As he says this I feel something break inside of me and I have to pull him even closer so he can’t see the tears glazing over my eyes. I feel my resolve disappearing like sand down an hourglass.

He says it again and again. ‘I just want to stay with you daddy.’

For a moment that seems fine. Let’s just go back to bed and pull the blankets over our heads and I’ll hold you in my arms and we can laugh and giggle like we did before. The world won’t be able to get anywhere near us.

But I can’t do that. I have to try and do something which I have no idea how to do. I get that familiar low feeling that I am a failure at this. Someone has made a mistake putting this precious wonderful life in my care. I fight against the emotion that rises out of my stomach and tastes bitter in my throat, the feeling that I’m going to fuck it all up.

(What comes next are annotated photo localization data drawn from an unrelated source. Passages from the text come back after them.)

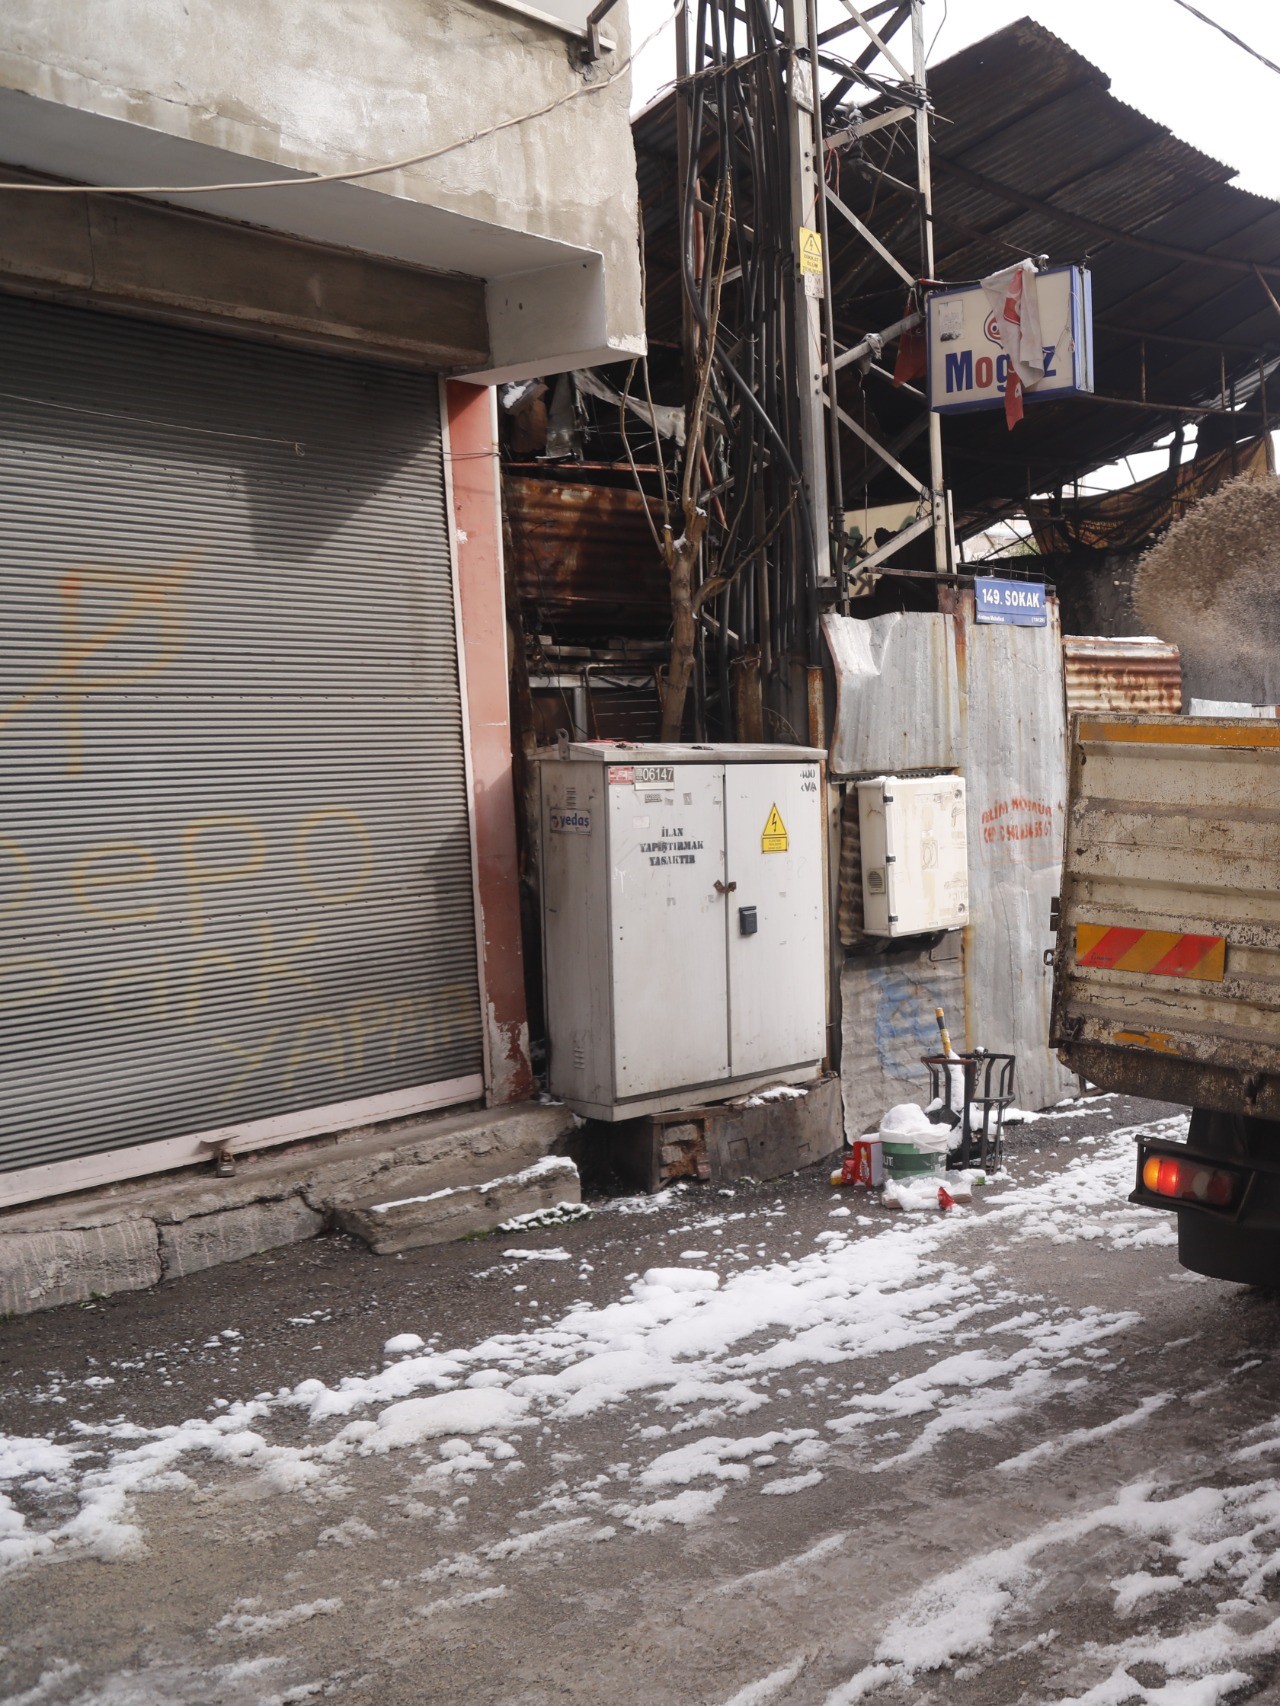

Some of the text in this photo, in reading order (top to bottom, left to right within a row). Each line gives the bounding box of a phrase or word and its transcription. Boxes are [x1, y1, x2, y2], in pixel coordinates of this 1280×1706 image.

[945, 345, 1057, 393] Mogz
[982, 588, 1040, 608] 149. SOKAK
[642, 767, 674, 781] 06147
[560, 812, 589, 828] yedaş
[661, 826, 684, 838] İLAN
[649, 854, 696, 867] YASAKTIR
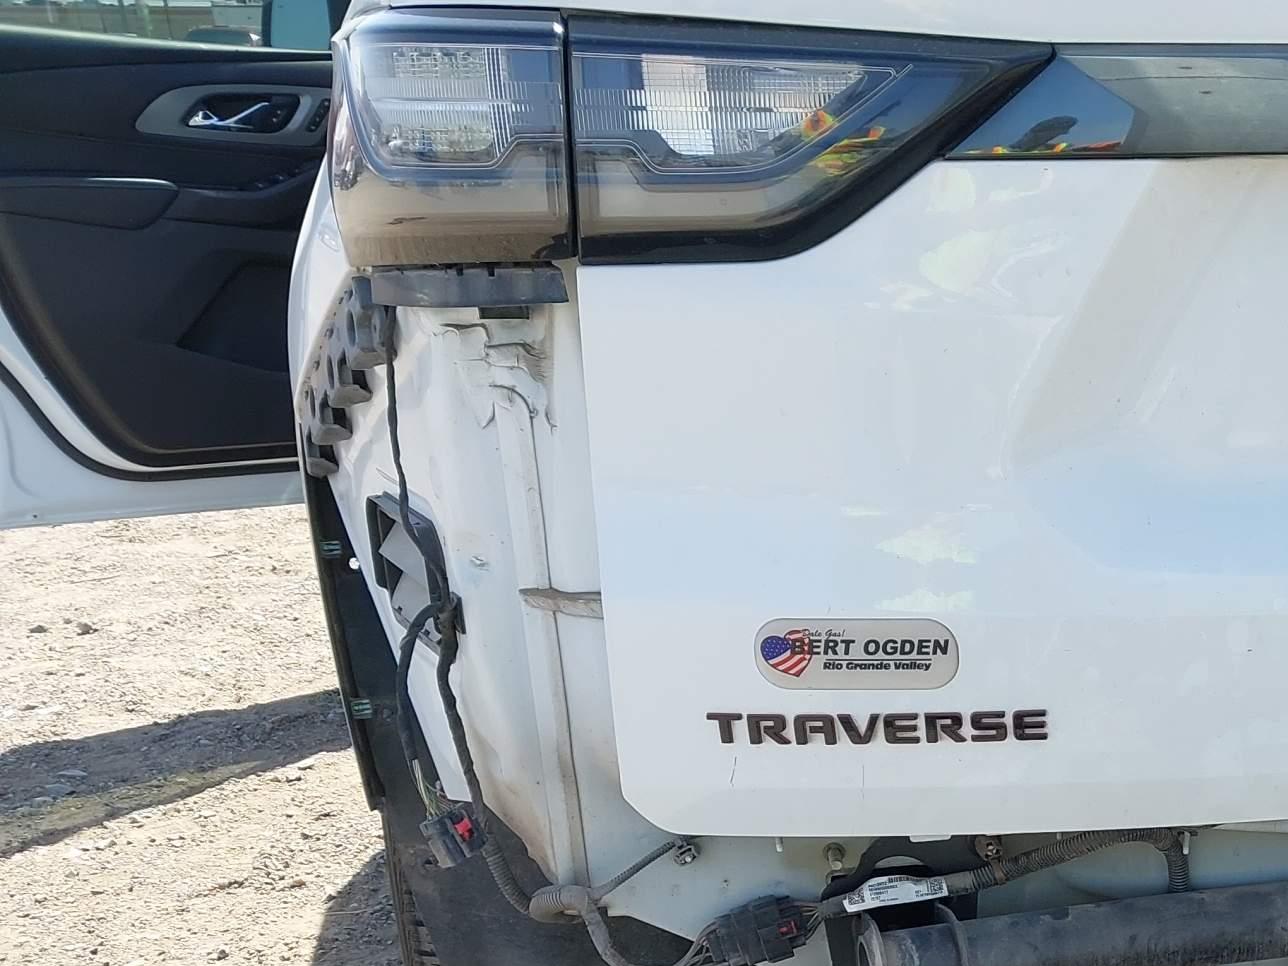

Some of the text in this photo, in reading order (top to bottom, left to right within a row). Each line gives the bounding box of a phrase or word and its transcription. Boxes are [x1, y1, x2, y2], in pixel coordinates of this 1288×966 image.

[791, 638, 950, 656] BERT OGDEN
[823, 660, 932, 672] Rio Grande Valley
[706, 709, 1049, 745] TRAVERSE

I lift him onto my knee and look into his eyes, shining from tears. I try.

‘You know son, daddy gets scared when he has to do different things too. I get scared when I have to leave you and mummy. That’s when I have to try really hard to be brave. And the reason I can be so brave is because I know we are all going to be together again at the end of the day. No matter what happens.’

I hear the words as if they are coming from someone else. They sound pathetically inadequate. I don’t know if I’m helping.

I lift him out to the car and strap him into his seat. He is crying more quietly now.’

‘Daddy, can I have two crackers? And can I eat them in the car before I go to nursery?’

The futility of the gesture almost breaks my heart. Trying to delay what he knows must happen for just a few seconds more.

I get the crackers and we soon start the short drive. He is a little calmer and wants me to sing. I try a few verses of Bare Necessities and he bravely gives me a smile.

I ask him if there’s anything he needs me to tell the grown-ups in nursery. His nod is so short that I barely notice.

‘I need you to say that I can’t flush the toilet on my own, I can’t get it to flush. Can you tell them I don’t want chicken supreme for lunch? And I don’t want to watch TV because I can’t sit still for a long time.’

‘Of course I will son.’

His concerns sound so inane as to be almost laughable but I have to remind myself to think like him. He’s not worried about bills or Brexit or Trump destroying the world; in his universe these things are way more serious. I nod gravely and assure him I will deal with it.

It is only a short respite and when I carry him through the nursery front door the sobs start again. He buries his little face deep into my shoulder. The staff are as wonderful as ever and are straight over, talking gently to him, encouraging, soothing. I try to hand him over but he clings to my neck and won’t let go. He just won’t let go. Eventually I break his hold and leave immediately. I know from experience that if I stay it prolongs the torture for everyone.

Before I go I sneak a look back through the window. My son sitting in a woman’s lap. She is talking patiently and kindly to him.

I’m back home within minutes but still agitated. How long can I reasonably wait before I phone without them thinking I’m a crazy daddy? I make a coffee but it tastes bitter, almost metallic, and I end up pouring it down the sink.

I turn on the wireless. It’s The Nolan Show and they seem to be having a debate about paramilitary commemorations. A flood of anger rises in me and I snap the dial to turn the programme off again within seconds.

I force myself to wait 20 minutes and then I call. They know even before they answer that it’s most likely me. The soothing optimism of the voice telling me that he has settled down and is now playing happily with his friends. I thank them profusely as always.

I set my phone down and sit for the first time in a while. Mummy is working away from home today and the house is quiet like a funeral. I begin to sob. Deep, uncontrollable spasms of despair pouring out of me.

This lasts for some minutes and then it is over. I dry my face. I think about what needs to be done. We all have to get on.